TASK INPUT:
%%
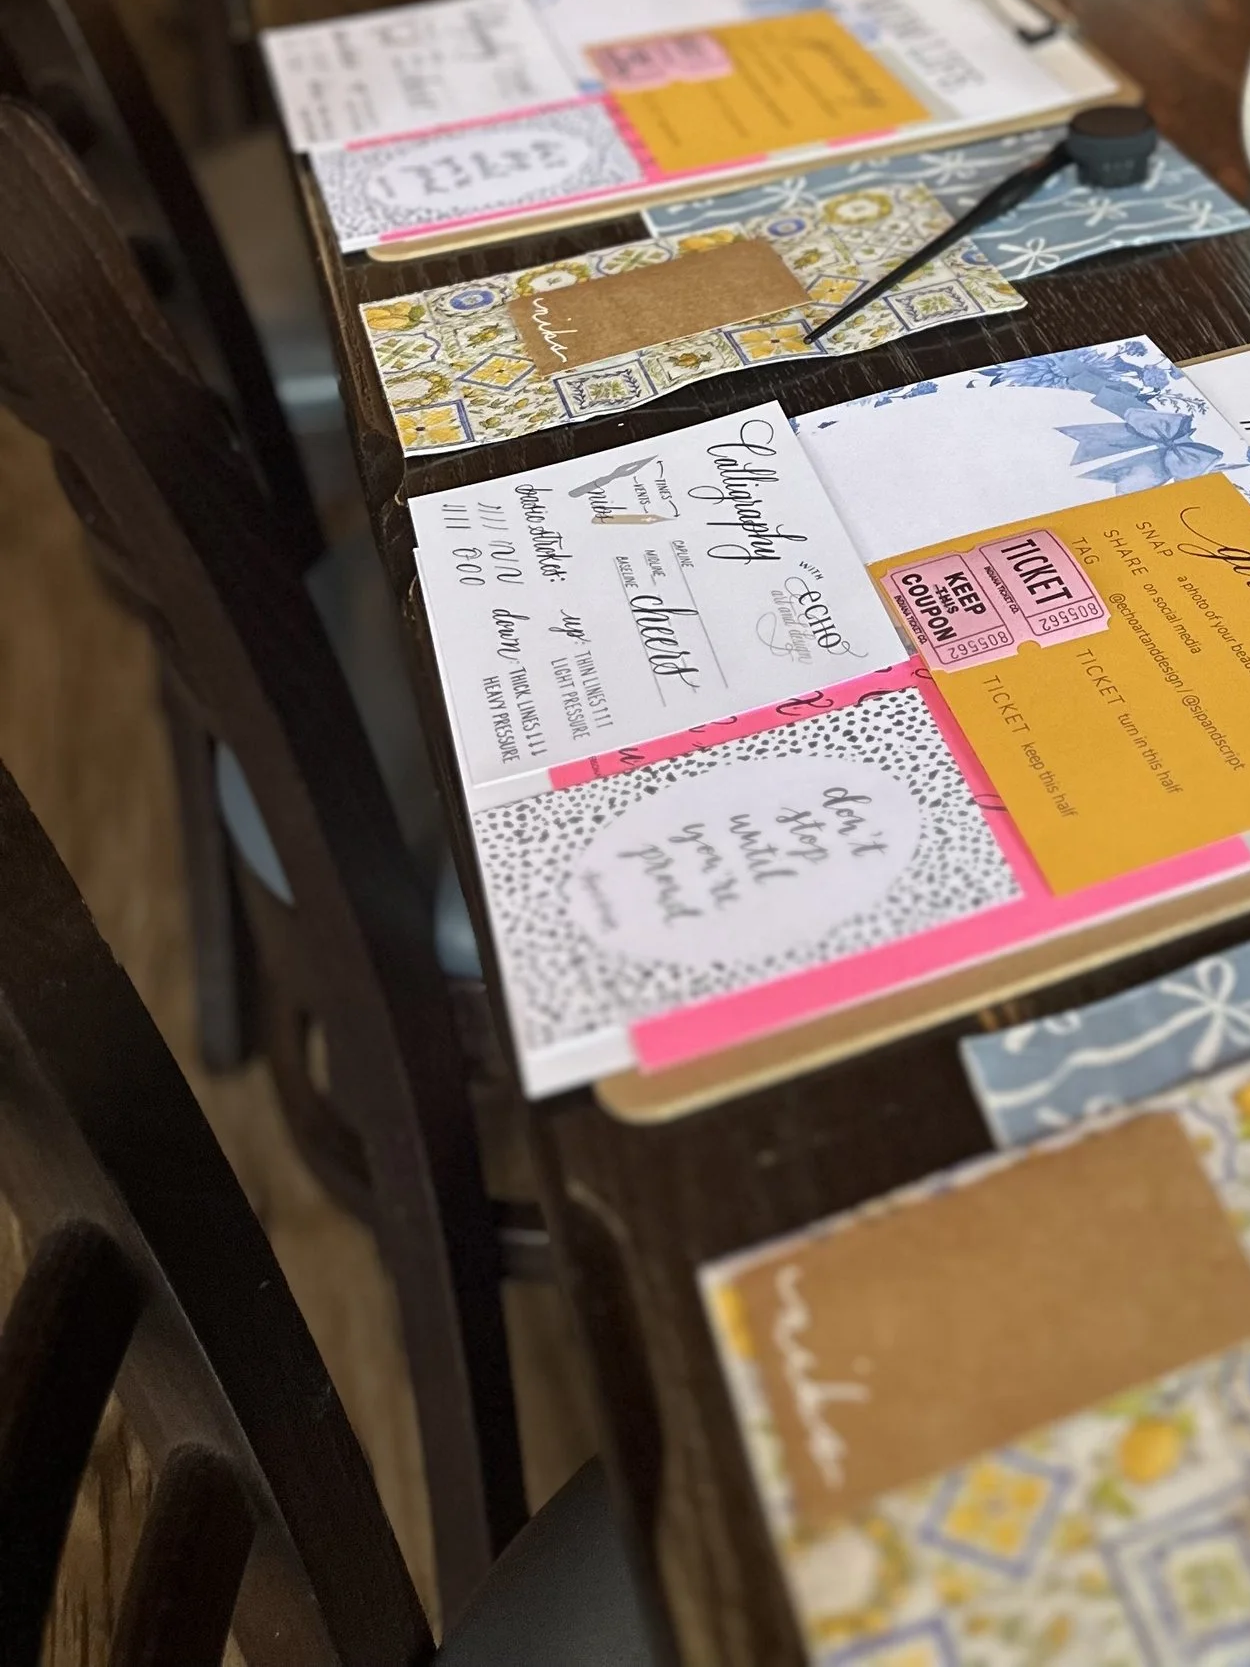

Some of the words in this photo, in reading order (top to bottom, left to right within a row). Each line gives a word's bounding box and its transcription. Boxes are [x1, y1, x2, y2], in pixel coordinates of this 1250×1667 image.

[515, 484, 553, 524] basic
[587, 487, 628, 524] nibs
[634, 483, 651, 505] VENTS
[655, 478, 672, 500] TINES
[687, 419, 808, 565] Calligraphy
[671, 540, 694, 568] CAPLINE
[1135, 521, 1174, 557] SNAP
[616, 556, 639, 589] BASELINE
[644, 549, 666, 577] MIDLINE
[799, 560, 824, 581] WITH
[1001, 538, 1073, 605] TICKET
[1177, 575, 1188, 583] a
[944, 571, 987, 615] KEEP
[984, 565, 999, 587] INDIANA
[997, 585, 1013, 605] TICKET
[1103, 529, 1149, 576] SHARE
[1143, 583, 1158, 596] on
[1152, 596, 1182, 624] social
[1173, 623, 1202, 654] media
[1179, 582, 1209, 610] photo
[894, 595, 911, 616] INDIANA
[906, 615, 923, 635] TICKET
[901, 573, 957, 642] COUPON
[1039, 602, 1099, 632] 805562
[1204, 610, 1224, 621] of
[629, 594, 701, 688] cheers
[948, 631, 1009, 659] 805562
[1210, 620, 1237, 643] your
[550, 657, 576, 690] LIGHT
[574, 650, 597, 679] THIN
[1071, 536, 1100, 565] TAG
[1108, 593, 1184, 688] @echoartanddesign
[1181, 694, 1246, 771] @sipandscript
[482, 675, 506, 711] HEAVY
[509, 666, 531, 700] THICK
[561, 688, 590, 741] PRESSURE
[1076, 648, 1126, 705] TICKET
[1117, 713, 1139, 736] turn
[1133, 735, 1148, 749] in
[1142, 748, 1163, 771] this
[1156, 770, 1184, 794] half
[492, 709, 521, 765] PRESSURE
[983, 674, 1030, 734] TICKET
[1021, 741, 1045, 771] keep
[1039, 770, 1060, 794] this
[1053, 793, 1078, 818] half
[775, 805, 830, 865] stop
[822, 786, 889, 857] don't
[668, 822, 742, 910] you're
[729, 812, 799, 885] until
[617, 844, 703, 928] proud
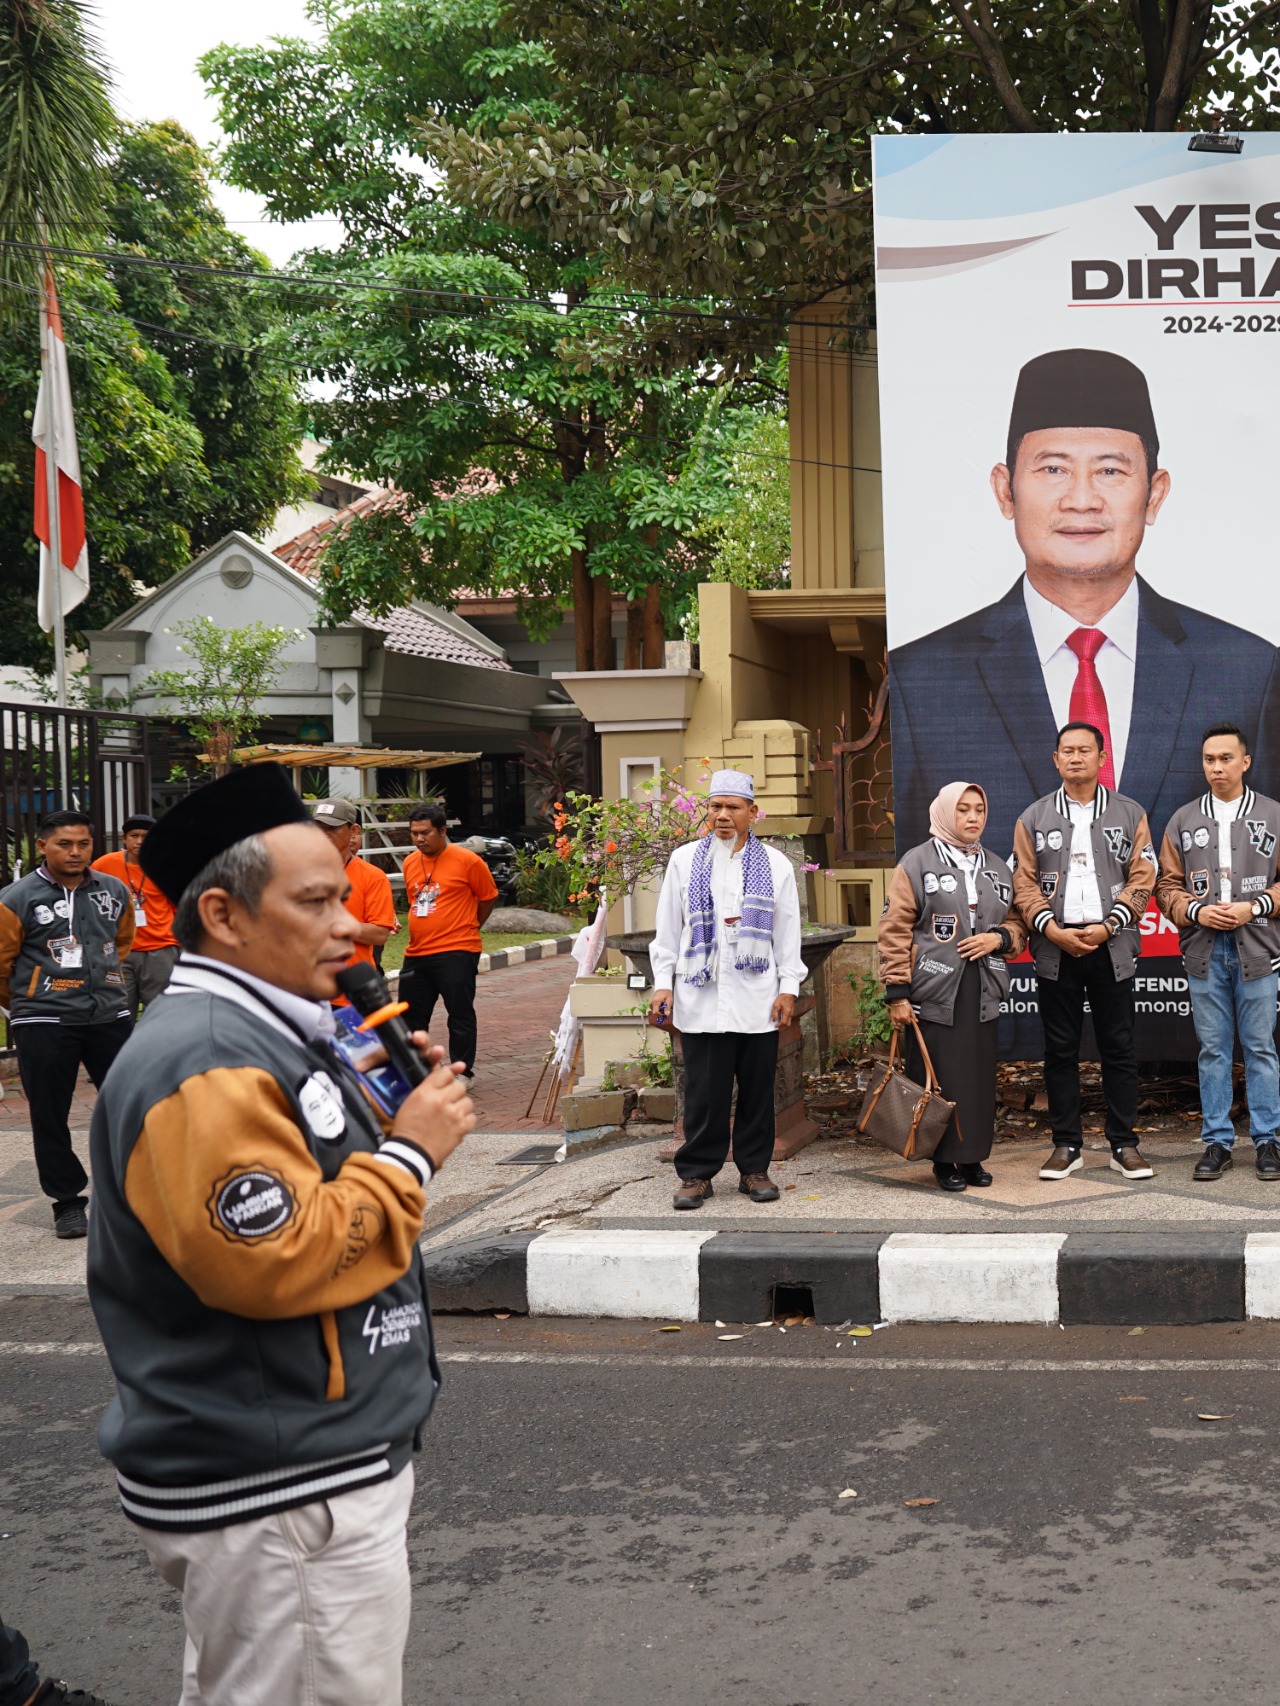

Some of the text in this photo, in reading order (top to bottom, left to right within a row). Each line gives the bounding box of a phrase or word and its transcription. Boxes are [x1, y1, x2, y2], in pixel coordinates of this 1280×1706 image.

[1131, 977, 1189, 992] FEND
[999, 998, 1039, 1013] alon
[232, 1196, 284, 1225] PANGAN
[381, 1329, 411, 1347] EMAS
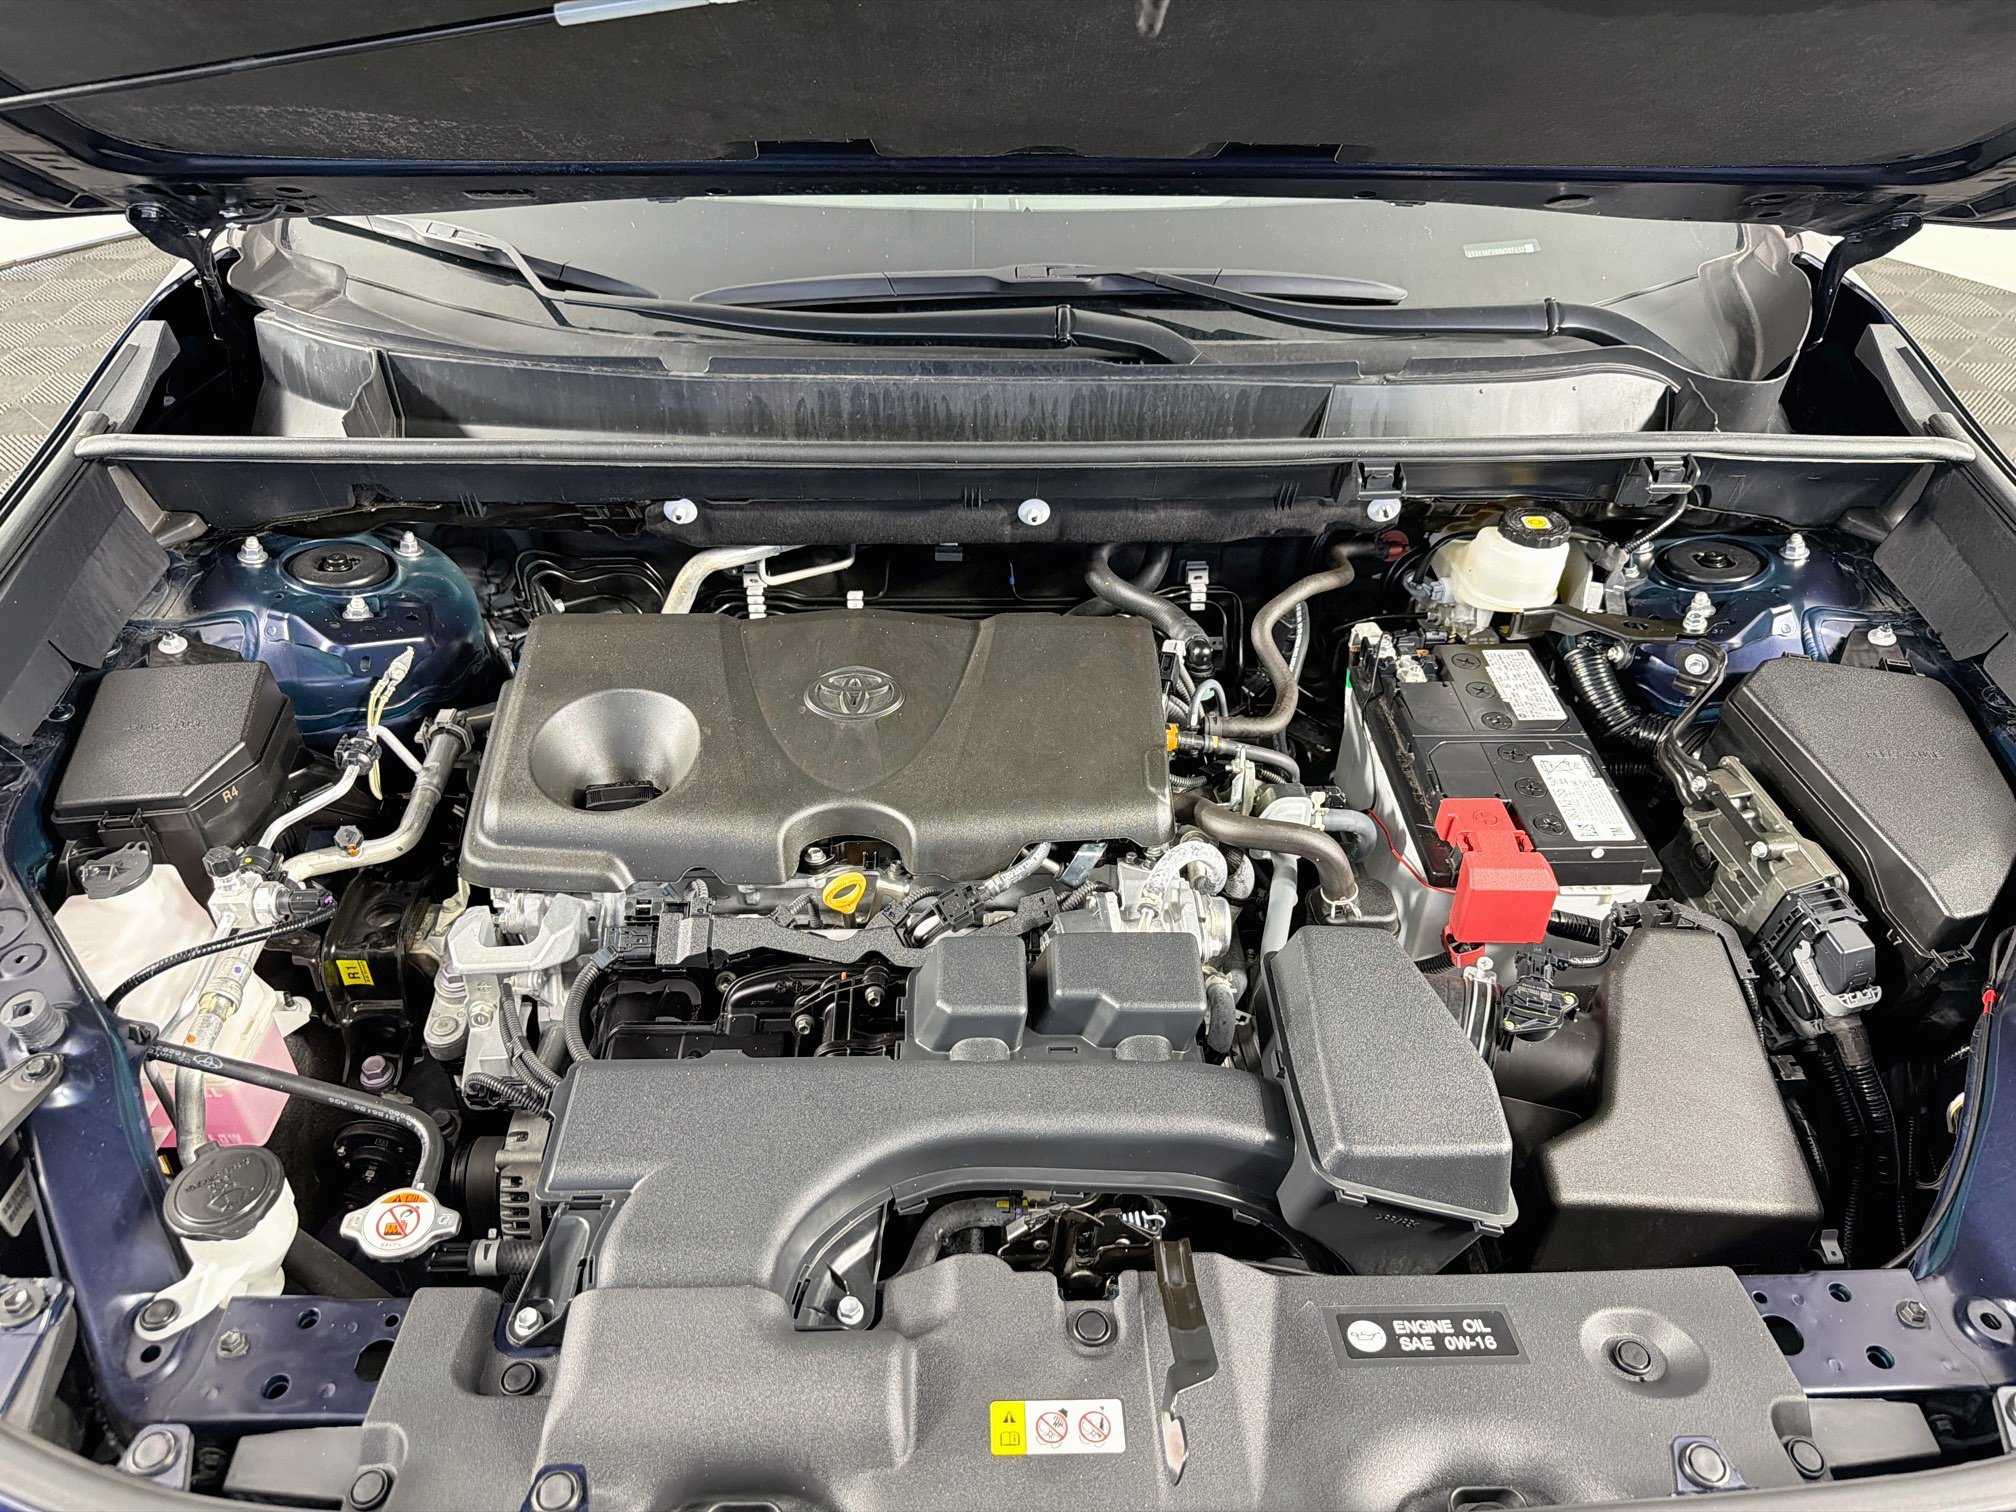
%%
DIRECTIONS:
Should a record include a picture, drop the picture and write out the remainder exactly.

RESPONSE TO THE TASK:
Some of the words in this photo, in reading order (top to bottom, left to right within a row). Each line gives a word's bounding box and its transcription. Boxes are [x1, y1, x2, y2], in pixel coordinates of this 1250×1667 image.

[515, 484, 553, 524] basic
[587, 487, 628, 524] nibs
[634, 483, 651, 505] VENTS
[655, 478, 672, 500] TINES
[687, 419, 808, 565] Calligraphy
[671, 540, 694, 568] CAPLINE
[1135, 521, 1174, 557] SNAP
[616, 556, 639, 589] BASELINE
[644, 549, 666, 577] MIDLINE
[799, 560, 824, 581] WITH
[1001, 538, 1073, 605] TICKET
[1177, 575, 1188, 583] a
[944, 571, 987, 615] KEEP
[984, 565, 999, 587] INDIANA
[997, 585, 1013, 605] TICKET
[1103, 529, 1149, 576] SHARE
[1143, 583, 1158, 596] on
[1152, 596, 1182, 624] social
[1173, 623, 1202, 654] media
[1179, 582, 1209, 610] photo
[894, 595, 911, 616] INDIANA
[906, 615, 923, 635] TICKET
[901, 573, 957, 642] COUPON
[1039, 602, 1099, 632] 805562
[1204, 610, 1224, 621] of
[629, 594, 701, 688] cheers
[948, 631, 1009, 659] 805562
[1210, 620, 1237, 643] your
[550, 657, 576, 690] LIGHT
[574, 650, 597, 679] THIN
[1071, 536, 1100, 565] TAG
[1108, 593, 1184, 688] @echoartanddesign
[1181, 694, 1246, 771] @sipandscript
[482, 675, 506, 711] HEAVY
[509, 666, 531, 700] THICK
[561, 688, 590, 741] PRESSURE
[1076, 648, 1126, 705] TICKET
[1117, 713, 1139, 736] turn
[1133, 735, 1148, 749] in
[1142, 748, 1163, 771] this
[1156, 770, 1184, 794] half
[492, 709, 521, 765] PRESSURE
[983, 674, 1030, 734] TICKET
[1021, 741, 1045, 771] keep
[1039, 770, 1060, 794] this
[1053, 793, 1078, 818] half
[775, 805, 830, 865] stop
[822, 786, 889, 857] don't
[668, 822, 742, 910] you're
[729, 812, 799, 885] until
[617, 844, 703, 928] proud

Some of the text in this photo, in reading order (top to bottom, left to right within a row). Each line gives the bounding box of a phrase or word and its transcription. Boxes are [x1, y1, x2, y2], in pixel coordinates of this 1280×1706 image.

[1131, 977, 1189, 992] FEND
[999, 998, 1039, 1013] alon
[232, 1196, 284, 1225] PANGAN
[381, 1329, 411, 1347] EMAS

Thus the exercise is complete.